No obstante ello, la Corte Constitucional en el estudio pertinente, determinó la inexequibilidad de la referida disposición, al pregonar la figura de la Cosa Juzgada y la independencia de la Rama judicial, señalando en algunos de los apartes de la Sentencia C-543 de octubre 1º de 1992, lo siguiente: “ La acción de tutela ha sido concebida únicamente para dar solución eficiente a situaciones de hecho creadas por actos u omisiones que implican la transgresión o la amenaza de un derecho fundamental, respecto de las cuales el sistema jurídico no tiene previsto otro mecanismo susceptible de ser invocado ante los jueces a objeto de lograr la protección del derecho.

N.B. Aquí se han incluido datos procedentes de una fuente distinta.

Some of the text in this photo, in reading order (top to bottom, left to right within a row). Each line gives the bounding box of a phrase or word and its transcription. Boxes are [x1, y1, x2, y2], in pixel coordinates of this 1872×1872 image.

La tutela no puede converger con vías judiciales diversas por cuanto no es un mecanismo que sea factible de elegir según la discrecionalidad del interesado, para esquivar el que de modo específico ha regulado la ley; no se da la concurrencia entre éste y la acción de tutela porque siempre prevalece -con la excepción dicha- la acción ordinaria.

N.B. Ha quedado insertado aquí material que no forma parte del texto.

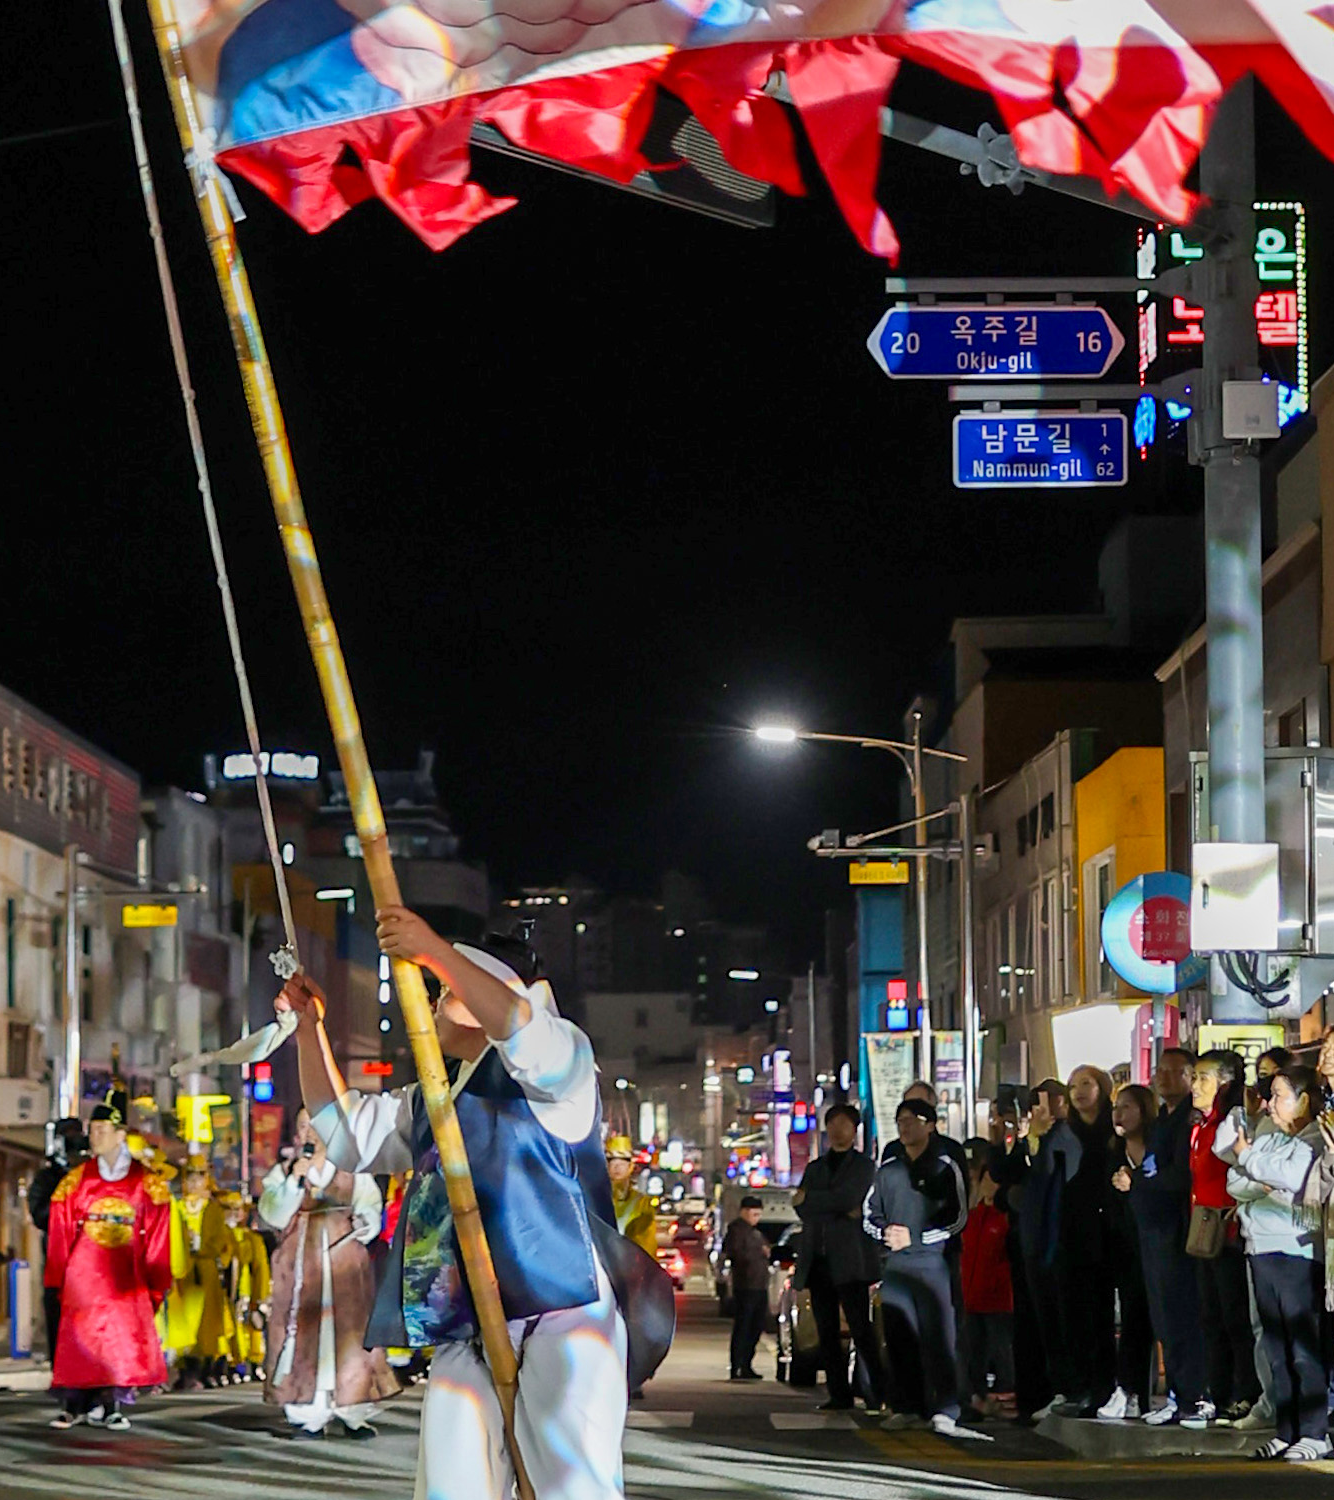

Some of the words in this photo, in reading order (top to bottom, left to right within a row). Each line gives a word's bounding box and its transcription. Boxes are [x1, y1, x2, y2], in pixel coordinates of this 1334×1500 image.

La acción de tutela no es, por tanto, un medio alternativo, ni menos adicional o complementario para alcanzar el fin propuesto. Tampoco puede afirmarse que sea el último recurso al alcance del actor, ya que su naturaleza, según la Constitución, es la de único medio de protección, precisamente incorporado a la Carta con el fin de llenar los vacíos que pudiera ofrecer el sistema jurídico para otorgar a las personas una plena protección de sus derechos esenciales.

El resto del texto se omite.